Наконец, один начальник все-таки попал. Я видел, как птичья головка беспомощным комочком плоти упала на землю, а из пернатого тела, как из черного бокала прыснула алая кровь.
Начальники заревели от удовольствия. Сергей Георгиевич нахмурился. Бросил сигарету и раздавил ее остроносым ботинком. У Мананы по лицу пробежала гримаса брезгливого отвращения.
Сергей Георгиевич был высок, худ, элегантен. Остальные начальники — были похожи на Бобчинского или Добчинского. От них невыносимо несло коньяком и чесноком.
Один из них, тот самый, который убил ворону… товарищи называли его почему-то Курчавым Юсей, хотя он был лыс как биллиардный шар, решил показать Манане, как правильно целиться. Она не возражала.
Он обнял ее и облапал маленькую грудь девушки потными ладонями с короткими толстыми пальцами.

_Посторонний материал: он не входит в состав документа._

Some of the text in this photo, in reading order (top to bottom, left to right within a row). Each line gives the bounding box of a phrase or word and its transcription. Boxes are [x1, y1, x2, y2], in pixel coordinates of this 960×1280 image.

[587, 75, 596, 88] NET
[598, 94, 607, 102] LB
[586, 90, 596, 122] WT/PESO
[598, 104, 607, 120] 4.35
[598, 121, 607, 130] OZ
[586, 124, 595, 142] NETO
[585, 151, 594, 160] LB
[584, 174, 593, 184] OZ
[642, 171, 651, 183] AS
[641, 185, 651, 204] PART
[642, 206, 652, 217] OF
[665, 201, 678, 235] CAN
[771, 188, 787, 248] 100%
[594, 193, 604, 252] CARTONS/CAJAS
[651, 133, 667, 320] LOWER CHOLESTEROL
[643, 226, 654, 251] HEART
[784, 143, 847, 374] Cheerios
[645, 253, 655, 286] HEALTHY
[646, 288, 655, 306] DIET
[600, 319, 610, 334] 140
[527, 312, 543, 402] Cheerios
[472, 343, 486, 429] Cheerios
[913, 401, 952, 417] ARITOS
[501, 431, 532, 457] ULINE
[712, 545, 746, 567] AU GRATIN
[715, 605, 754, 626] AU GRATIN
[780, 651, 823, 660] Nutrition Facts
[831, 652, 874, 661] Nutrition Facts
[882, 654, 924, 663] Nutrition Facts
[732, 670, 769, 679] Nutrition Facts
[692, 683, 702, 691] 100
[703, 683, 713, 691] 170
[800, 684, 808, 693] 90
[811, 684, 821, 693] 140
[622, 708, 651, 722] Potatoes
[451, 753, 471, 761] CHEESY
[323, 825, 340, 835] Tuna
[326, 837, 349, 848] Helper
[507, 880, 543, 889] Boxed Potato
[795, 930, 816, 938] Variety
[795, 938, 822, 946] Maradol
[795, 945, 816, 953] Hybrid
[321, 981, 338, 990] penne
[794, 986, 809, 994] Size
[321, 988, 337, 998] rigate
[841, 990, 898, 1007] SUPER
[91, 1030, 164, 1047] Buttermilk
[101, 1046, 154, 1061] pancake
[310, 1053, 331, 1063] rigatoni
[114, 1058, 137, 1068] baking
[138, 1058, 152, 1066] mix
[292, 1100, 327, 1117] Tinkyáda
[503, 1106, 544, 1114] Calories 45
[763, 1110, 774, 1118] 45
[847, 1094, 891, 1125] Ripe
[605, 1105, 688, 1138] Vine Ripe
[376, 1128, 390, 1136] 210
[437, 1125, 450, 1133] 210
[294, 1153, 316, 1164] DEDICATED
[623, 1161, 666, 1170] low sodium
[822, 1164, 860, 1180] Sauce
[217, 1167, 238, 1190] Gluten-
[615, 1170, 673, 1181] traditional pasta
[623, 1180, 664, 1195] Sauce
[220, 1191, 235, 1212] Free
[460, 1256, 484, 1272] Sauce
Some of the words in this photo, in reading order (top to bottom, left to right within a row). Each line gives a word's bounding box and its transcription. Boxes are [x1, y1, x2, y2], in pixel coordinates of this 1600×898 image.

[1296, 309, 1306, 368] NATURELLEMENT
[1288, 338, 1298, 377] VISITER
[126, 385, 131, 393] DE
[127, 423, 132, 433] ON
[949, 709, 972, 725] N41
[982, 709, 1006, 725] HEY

Когда черепаший ноготь Юси нажал ей на сосок, Манана дернулась, как испуганный олененок.
Я вскочил и грубо отпихнул его от Мананы. Сил во мне тогда еще было как в молодом Геракле.

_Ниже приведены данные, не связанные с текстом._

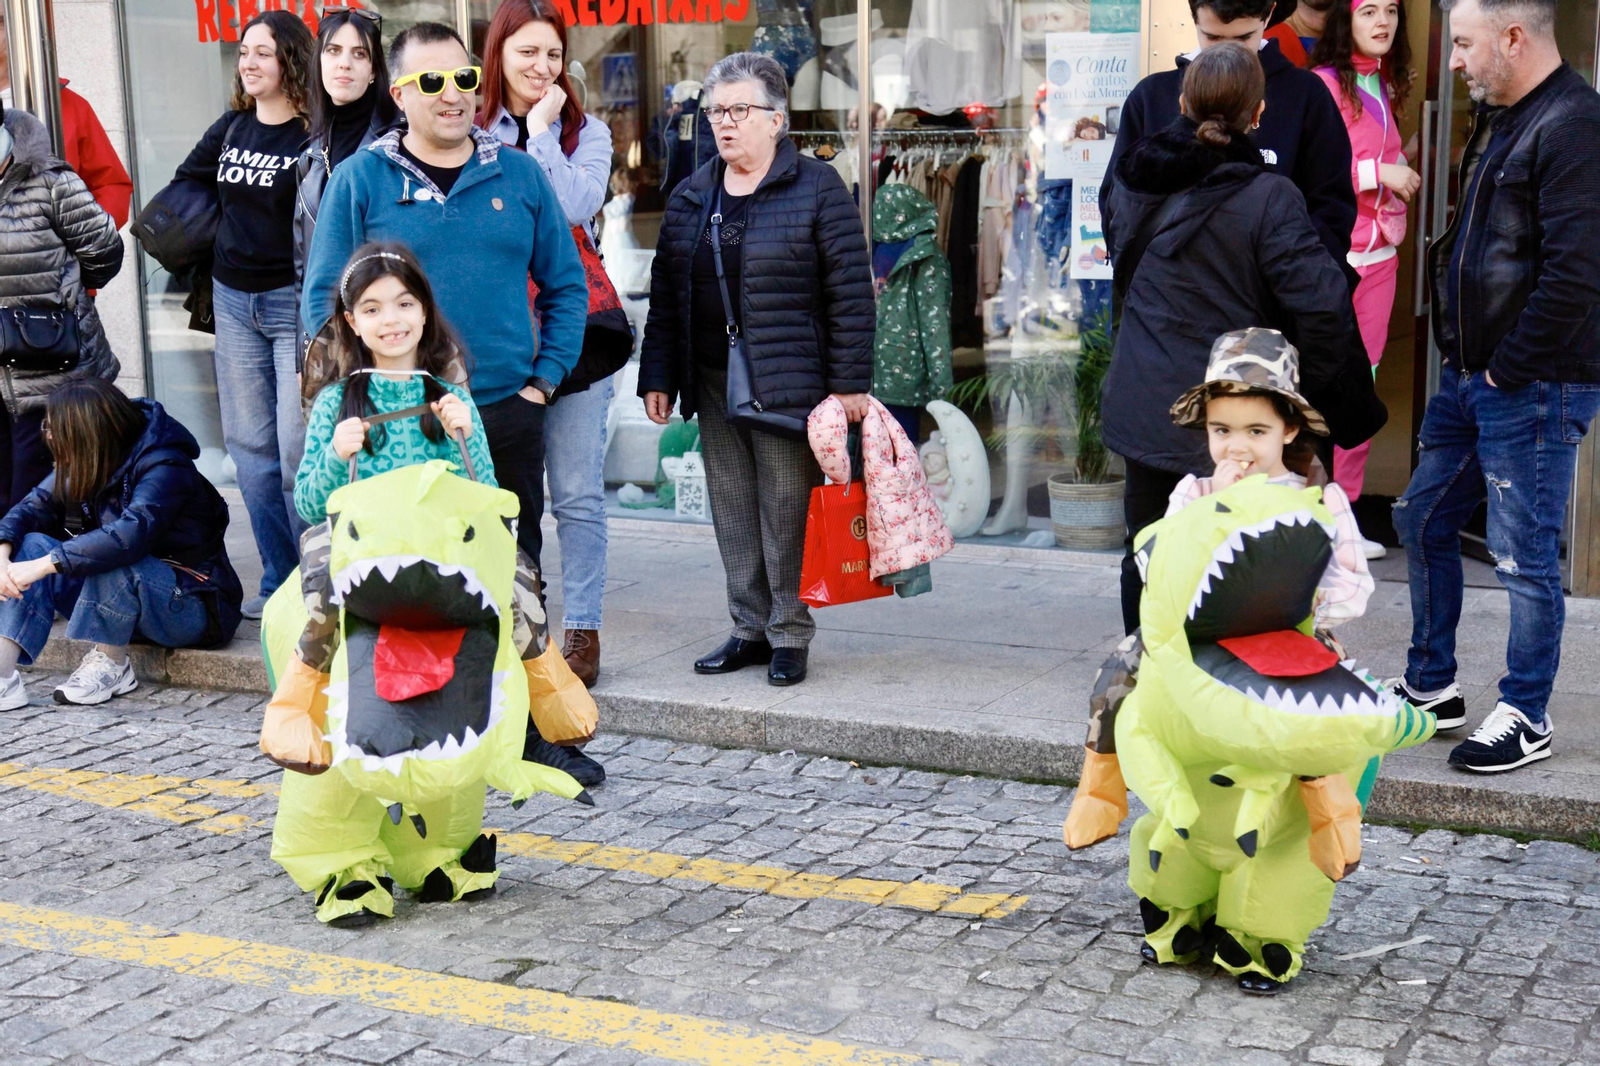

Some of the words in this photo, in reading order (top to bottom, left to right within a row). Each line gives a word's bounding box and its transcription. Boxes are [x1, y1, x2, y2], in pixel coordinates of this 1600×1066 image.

[1076, 55, 1127, 75] Conta
[1086, 74, 1127, 87] contos
[1053, 90, 1072, 100] con
[217, 163, 277, 188] LOVE
[1080, 186, 1100, 195] MEL

Сергей Георгиевич тактично отвернулся. Остальные начальники состроили скабрезные мины. Курчавый Юся встал, отряхнулся, мстительно посмотрел на меня… Пробормотал: «Полегче, полегче, петушок, а то крылышки подрежем».
Тут в ворота дачи ввалилась щебечущая толпа девушек. Сергей Георгиевич поприветствовал их и провел в здание с саунами и бассейном.
Начальники переглянулись, обменялись похабными комментариями и ушли, а мы с Мананой остались на дворе.
Похоронили обезглавленную ворону.
Манана соорудила над ее могилой что-то похожее на крест.
Отнесли пистолеты, неиспользованные мишени и коробочки с пульками в дом. Поднялись на третий этаж, в выделенную нам комнату. Без двуспальной кровати, но с диваном, креслами, книжным шкафом, роскошным проигрывателем и большим набором пластинок. Сели в кресла и немного помолчали.
Нашел пластинку группы Прокл Харум. Поставил песню, которую несколько раз слышал по радио. «А whiter shade of pale». Слова ее я не понимал тогда, не понимаю и сейчас, хотя читал и перевод и интерпретации. Но мелодию этой песни, похожую на баховский хорал, я полюбил сразу и на всю жизнь. И то особенное настроение молодого человека, которое она отражает. Когда и любовь уже не спасает, а топит. И в душе развивается психоделическая некрофилия, «более белая, чем сама бледность». Но не всамделишная, а как бы наигранная, и потому не страшная, а влекущая.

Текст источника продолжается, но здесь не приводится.